L'ipoglicemia (zuccheri troppo bassi nel
sangue) è più difficile da ottenere per mancanza di ormoni (ne esistono altri,
oltre al glucagone, che sono in grado di agire nello stesso modo) e il caso più
facile perché si manifesti è quello di un eccesso d'insulina, per massiva
produzione da parte del pancreas o perché fornita in eccesso dall'esterno.
Quando un pasto contiene degli zuccheri
(quasi sempre), la velocità con cui essi passano dal canale digerente al sangue
influenza in modo variabile la modalità con cui l'insulina viene secreta: un
aumento della glicemia che sia lento e modulato produrrà una secrezione più
lenta e modulata.
Al contrario, un ingresso imponente e
veloce di zuccheri porta a una secrezione di insulina più rilevante, tanto che,
spesso, si passa rapidamente da una condizione di iperglicemia post prandiale a
quella di ipoglicemia reattiva (si tratta di
solito di una ipoglicemia "relativa": nel range di normalità, ma
verso il basso).
La velocità con cui uno zucchero puro
passa nel sangue è definita dall'indice glicemico. Si tratta di un calcolo che
confronta lo stesso quantitativo di zuccheri proveniente da alimenti diversi.

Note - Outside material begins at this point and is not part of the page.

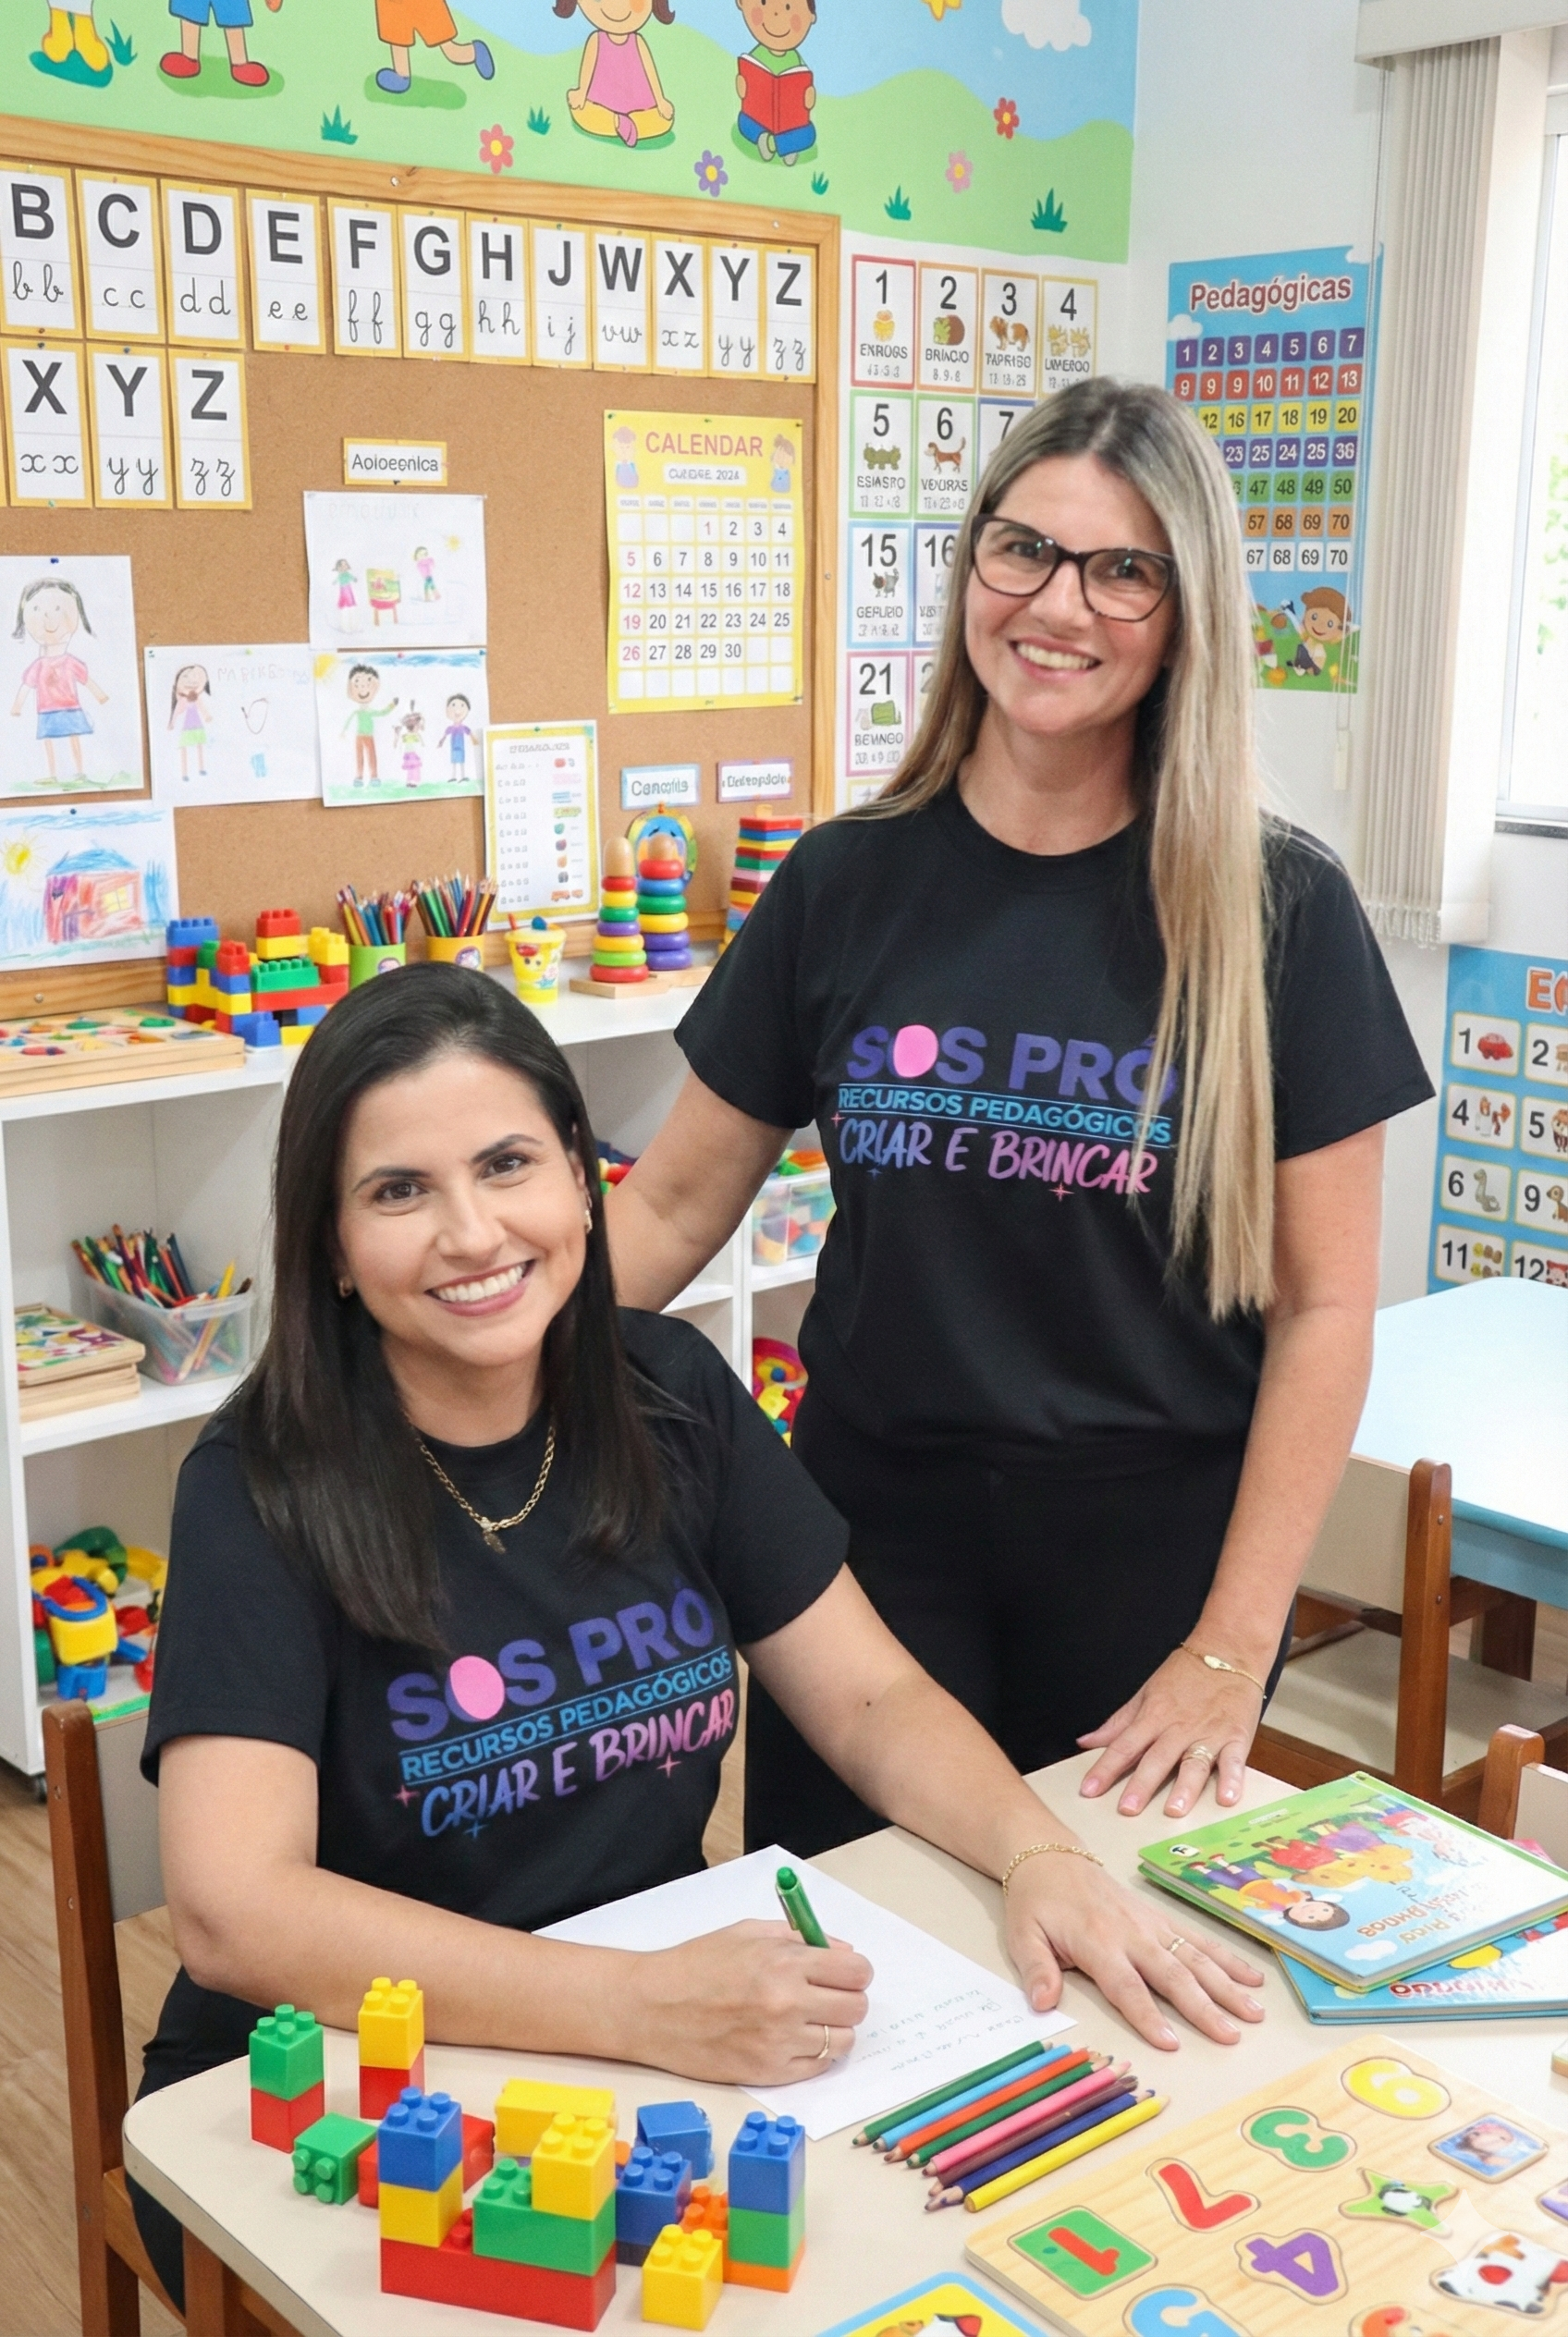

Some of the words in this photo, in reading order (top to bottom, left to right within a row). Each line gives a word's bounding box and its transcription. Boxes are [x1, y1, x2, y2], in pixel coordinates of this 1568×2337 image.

Per fare un esempio d'impatto immediato,
assumendo 100 grammi di zuccheri di sedano rapa, lo zucchero nel sangue aumenta
con una velocità molto simile a quella di 100 grammi di zucchero presi dal
riso.
L'indice glicemico del sedano rapa e
quello del riso sono quasi gli stessi, ma risulta assolutamente intuitivo
comprendere che per ottenere 100 grammi di zucchero di sedano rapa serve
mangiarne molto di più di quanto invece non avvenga con il riso, di cui basta consumarne
decisamente meno per ottenere gli stessi 100 grammi di zuccheri.
Diventa dunque necessario introdurre un
nuovo metodo di valutazione, in grado di calcolare la capacità dell'intero
alimento (e non solo di un concentrato dei suoi zuccheri) di alzare la
glicemia: si tratta dell'impatto glicemico.

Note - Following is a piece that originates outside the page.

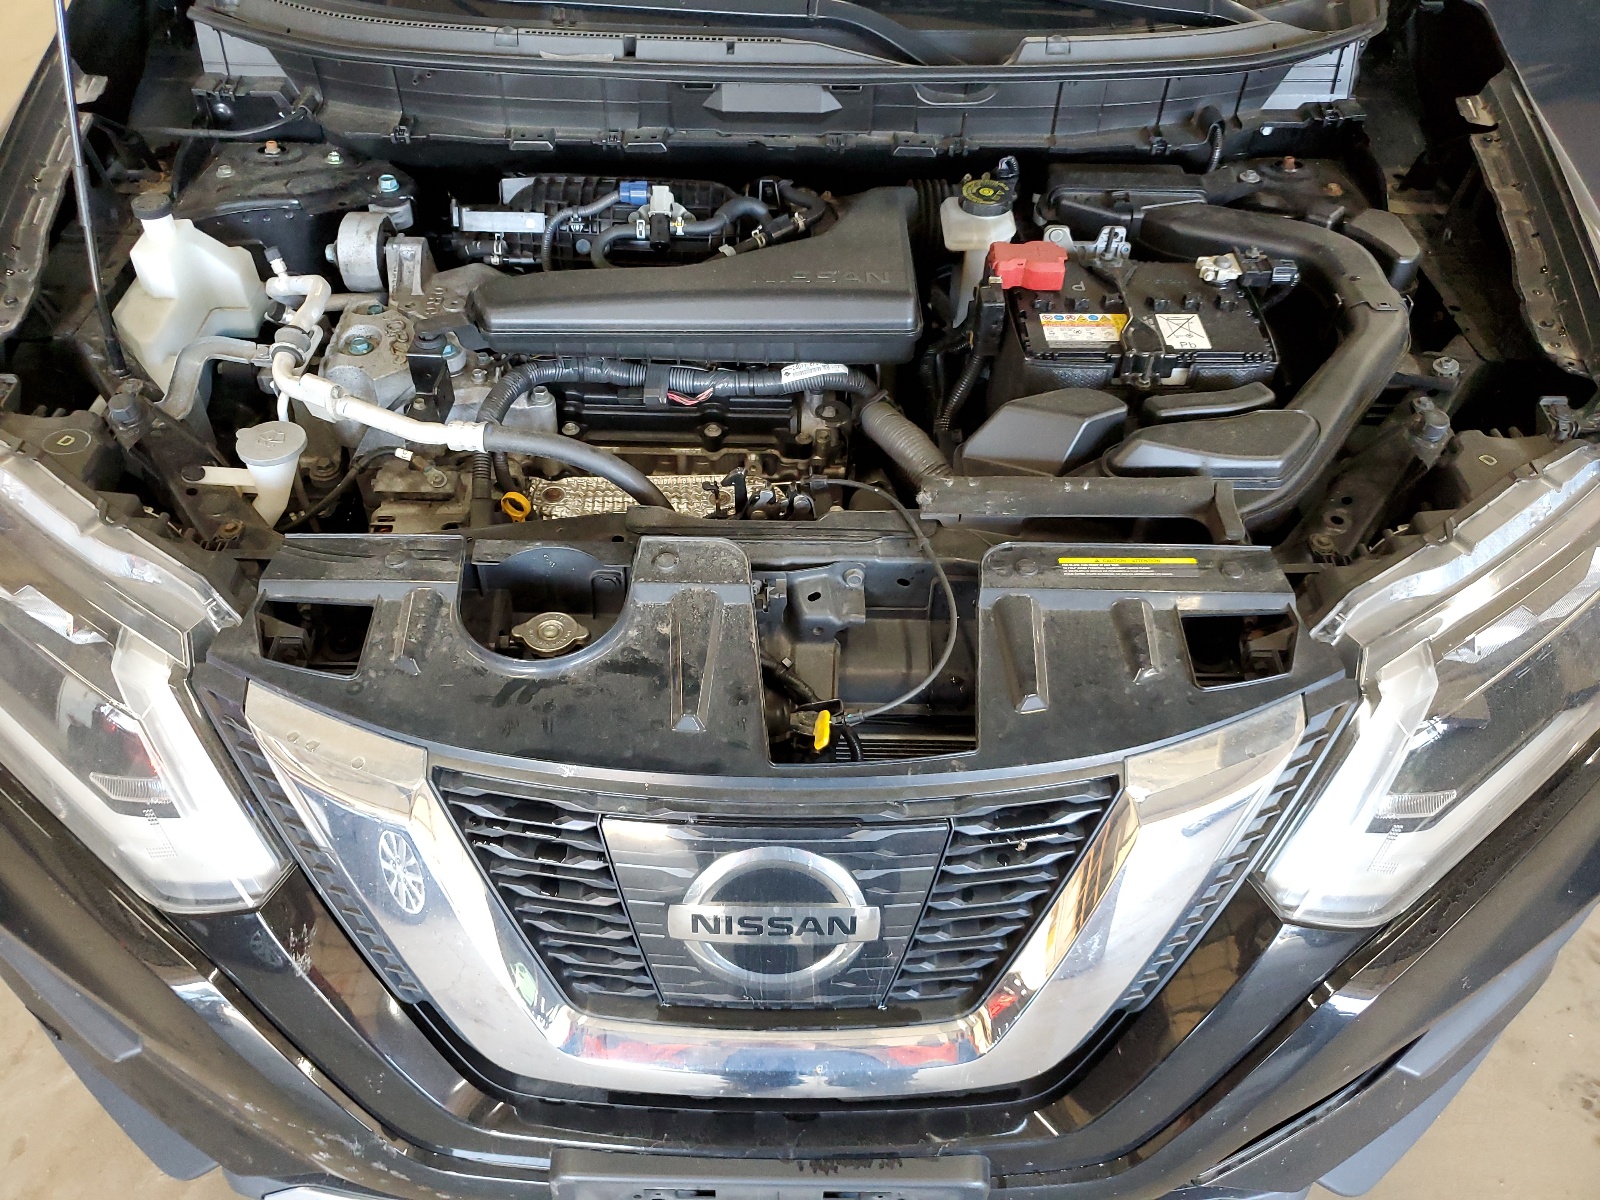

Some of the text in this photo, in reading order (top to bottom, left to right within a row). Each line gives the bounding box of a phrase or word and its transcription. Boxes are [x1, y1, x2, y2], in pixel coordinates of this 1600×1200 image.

[751, 270, 890, 283] SSAN
[1179, 341, 1198, 349] Pb
[56, 434, 76, 446] D
[691, 913, 857, 936] NISSAN

Tale valore sarà spesso nettamente
differente perché la velocità di passaggio nel sangue degli zuccheri è
marcatamente influenzata, tra le altre cose, dal contenuto di fibra, grassi e
proteine dell'alimento.
Il riso bianco, che un'altissima
percentuale di carboidrati, continuerà ad avere un impatto glicemico molto
alto, il riso integrale avrà un valore un po' più basso, grazie alla maggior
presenza di fibra, mentre il sedano rapa, che contiene moltissima fibra e acqua
a fronte di una percentuale di zuccheri molto bassa, avrà un valore bassissimo.

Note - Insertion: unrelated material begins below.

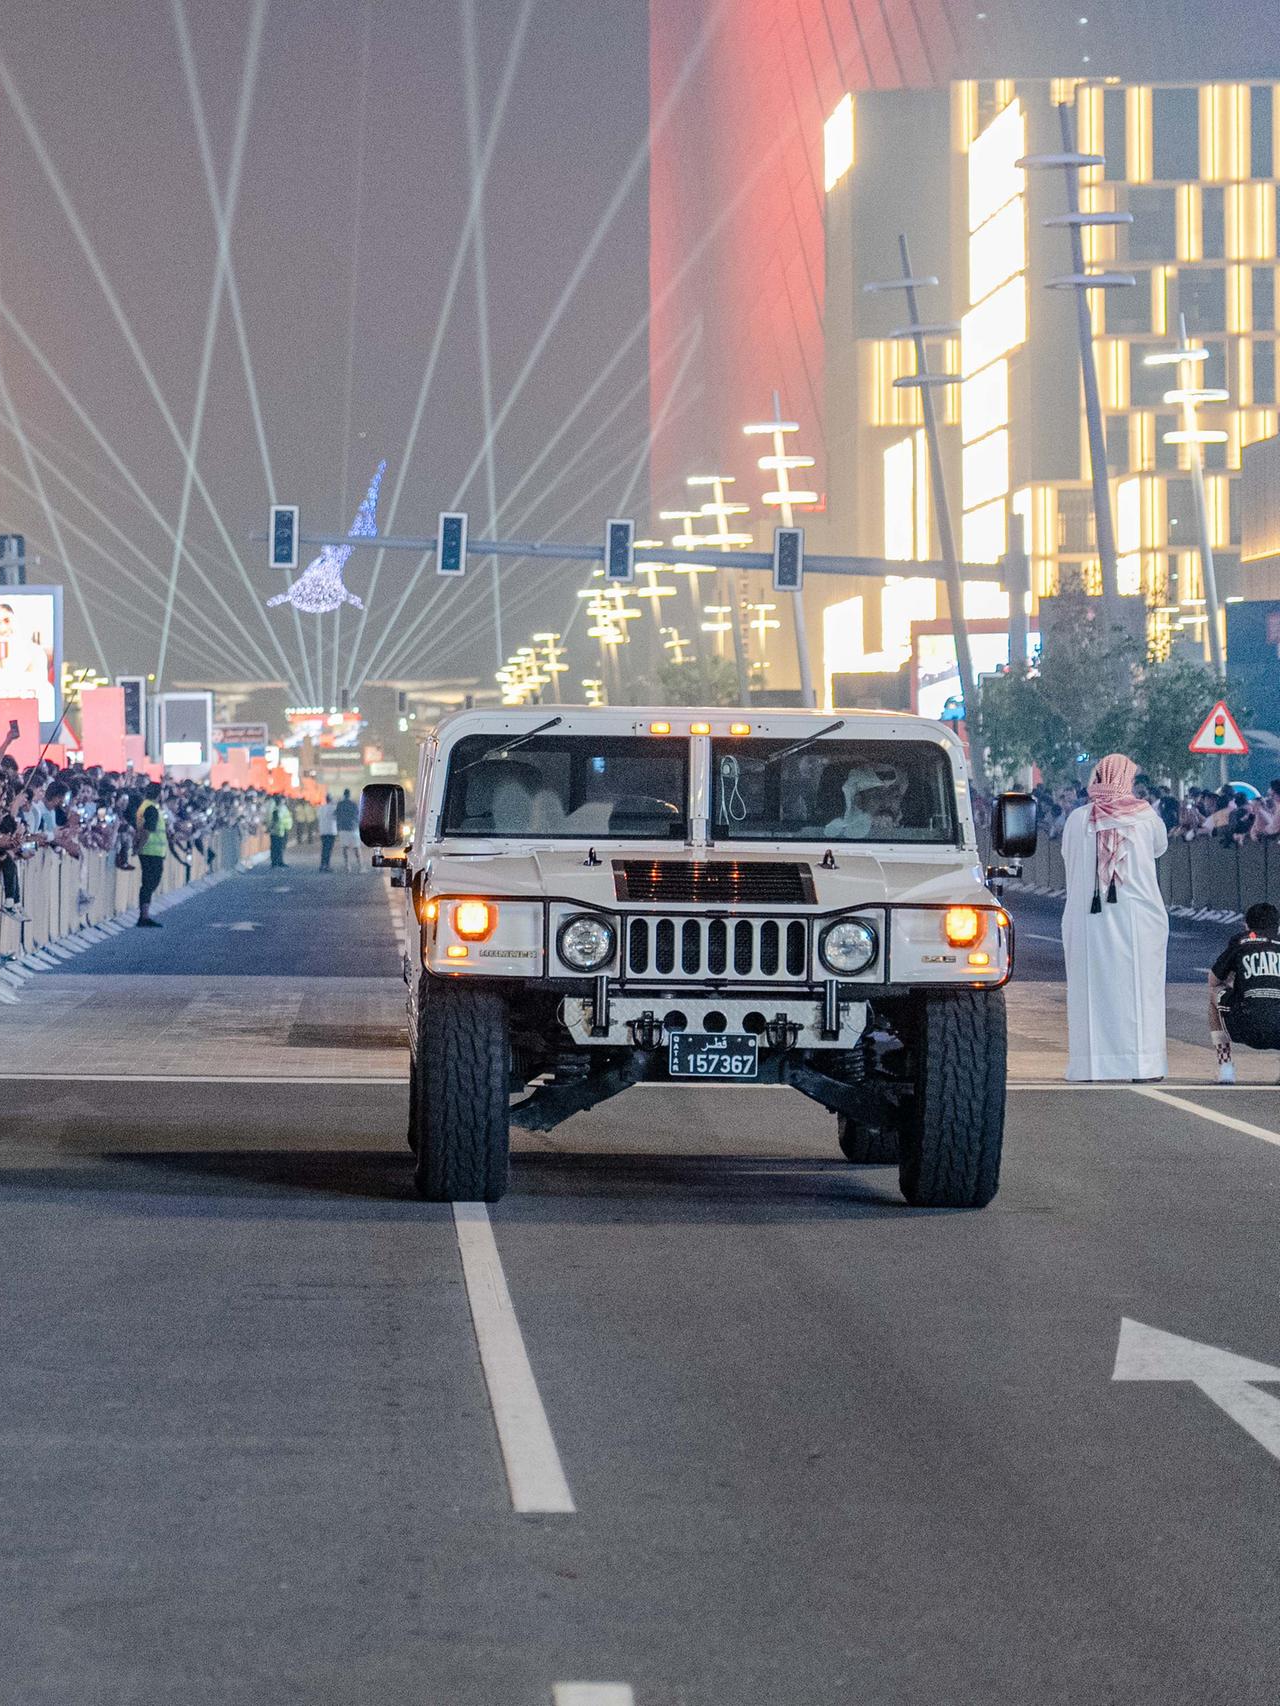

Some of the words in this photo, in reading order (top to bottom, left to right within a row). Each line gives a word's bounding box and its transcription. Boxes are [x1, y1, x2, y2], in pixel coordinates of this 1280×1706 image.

[1242, 951, 1280, 980] SCAR
[672, 1036, 680, 1072] QATAR
[700, 1036, 728, 1052] قطر
[687, 1054, 754, 1074] 157367

Lo stesso concetto può essere ampliato e
utilizzato, concettualmente, per comporre i propri pasti: mangiare un
cioccolatino da solo ha un effetto diverso dal mangiare lo stesso cioccolatino
all'interno di un pasto completo che contenga una buona quota di fibra e
proteine.
Poiché una delle azioni principali di un
eccesso d'insulina (come risposta a un aumento troppo rapido degli zuccheri nel
sangue) è lo stimolo all'accumulo di grasso, risulta
evidente che scegliere alimenti e combinazioni nutrizionali a basso impatto
glicemico condizioni positivamente il mantenimento di una buona forma fisica,
agendo per altro anche sul senso di sazietà e sul mantenimento di un buono stato dell'umore (le ipoglicemie
reattive non fanno bene né alla fame né allo spirito).
Per questo, abbinare sempre una quota
proteica a quella di carboidrati, utilizzare con intelligenza i grassi (anche
loro abbassano l'impatto glicemico) e scegliere, il più possibile, carboidrati integrali (o quelli
contenuti in frutta e verdura, che producono un impatto glicemico
tendenzialmente basso) è uno dei modi più semplici, gustosi ed efficaci per
aiutarsi a stare bene, sani e in forma.